→ **Work item**: Write out the data again exactly, skipping every picture.

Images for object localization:
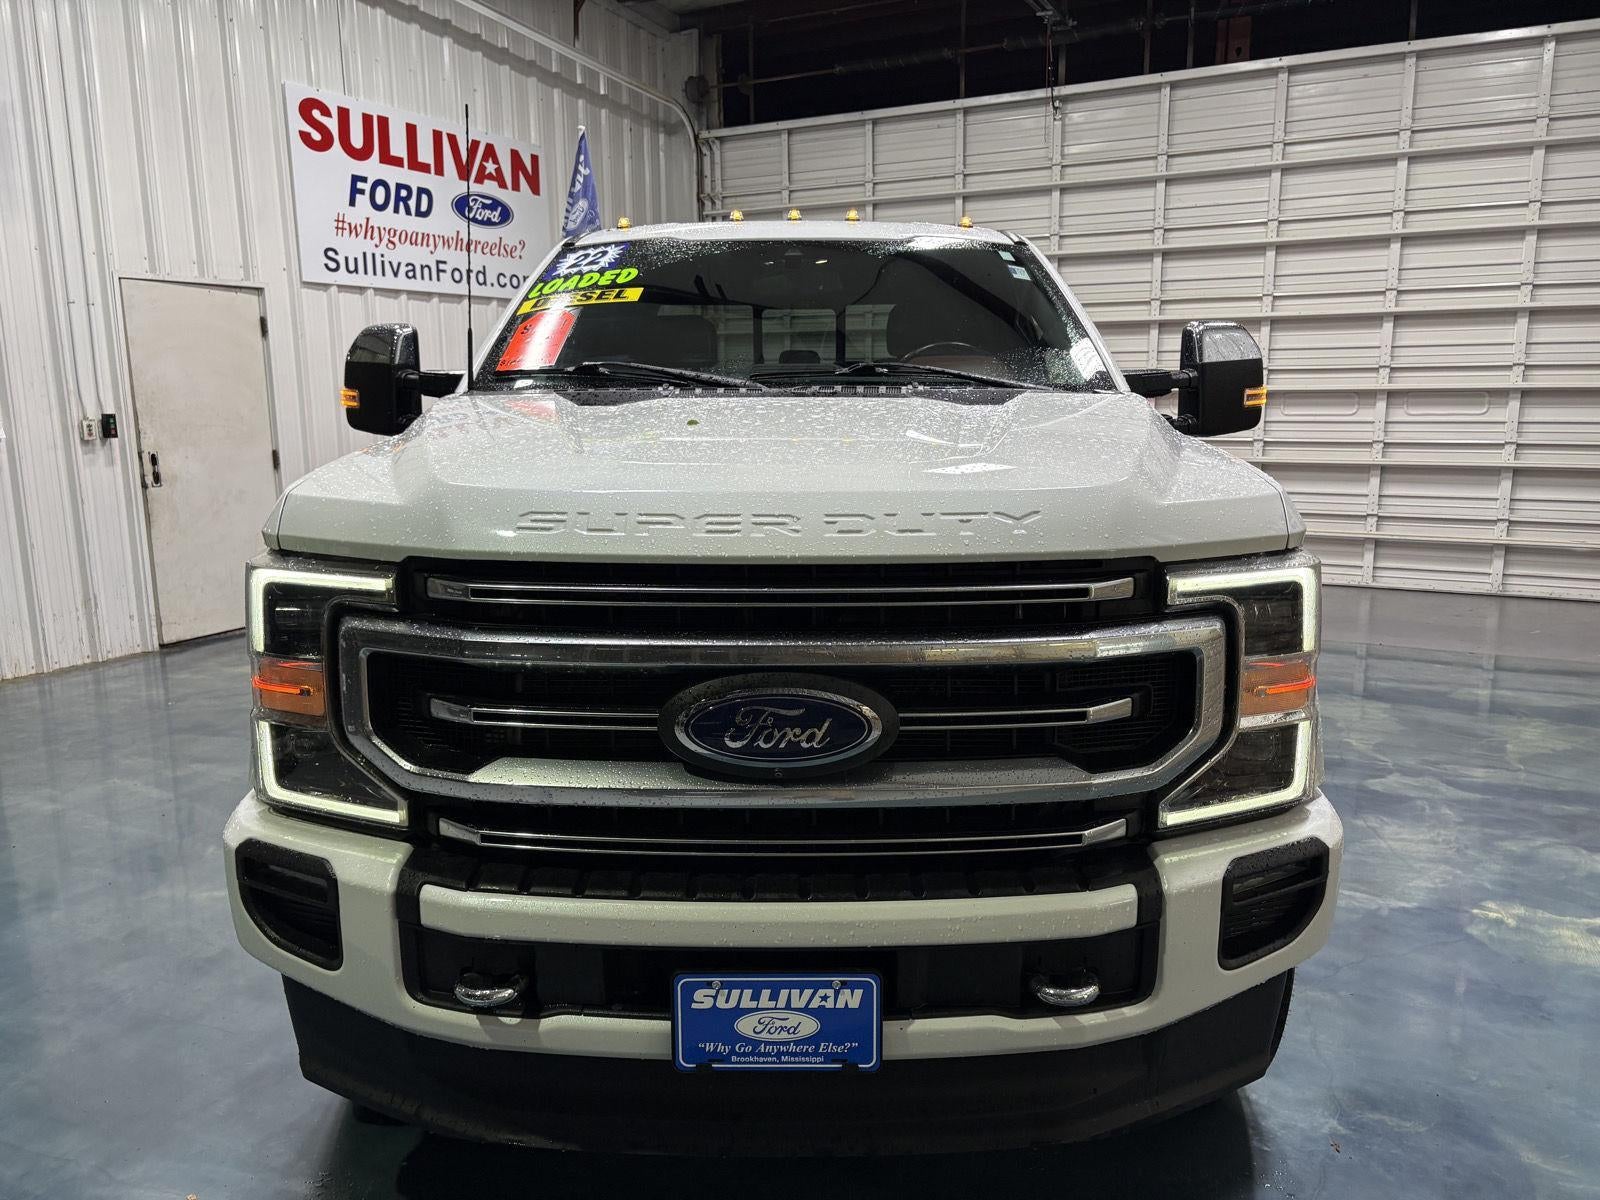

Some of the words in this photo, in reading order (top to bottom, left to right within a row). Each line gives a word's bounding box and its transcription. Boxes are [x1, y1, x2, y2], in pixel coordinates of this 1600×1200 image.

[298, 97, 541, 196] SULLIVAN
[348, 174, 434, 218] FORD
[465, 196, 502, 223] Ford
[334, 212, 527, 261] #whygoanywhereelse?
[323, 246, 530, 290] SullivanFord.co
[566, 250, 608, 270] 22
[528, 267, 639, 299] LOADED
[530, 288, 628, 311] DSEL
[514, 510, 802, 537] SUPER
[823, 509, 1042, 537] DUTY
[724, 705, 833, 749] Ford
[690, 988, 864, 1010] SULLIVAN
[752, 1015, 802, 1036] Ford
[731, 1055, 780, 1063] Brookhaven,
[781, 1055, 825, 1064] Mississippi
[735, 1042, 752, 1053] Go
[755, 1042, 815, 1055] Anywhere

→ **Task answer**:
Some of the words in this photo, in reading order (top to bottom, left to right within a row). Each line gives a word's bounding box and its transcription. Boxes are [x1, y1, x2, y2], in pixel coordinates of this 1600×1200 image.

[298, 97, 541, 196] SULLIVAN
[348, 174, 434, 218] FORD
[465, 196, 502, 223] Ford
[334, 212, 527, 261] #whygoanywhereelse?
[323, 246, 530, 290] SullivanFord.co
[566, 250, 608, 270] 22
[528, 267, 639, 299] LOADED
[530, 288, 628, 311] DSEL
[514, 510, 802, 537] SUPER
[823, 509, 1042, 537] DUTY
[724, 705, 833, 749] Ford
[690, 988, 864, 1010] SULLIVAN
[752, 1015, 802, 1036] Ford
[731, 1055, 780, 1063] Brookhaven,
[781, 1055, 825, 1064] Mississippi
[735, 1042, 752, 1053] Go
[755, 1042, 815, 1055] Anywhere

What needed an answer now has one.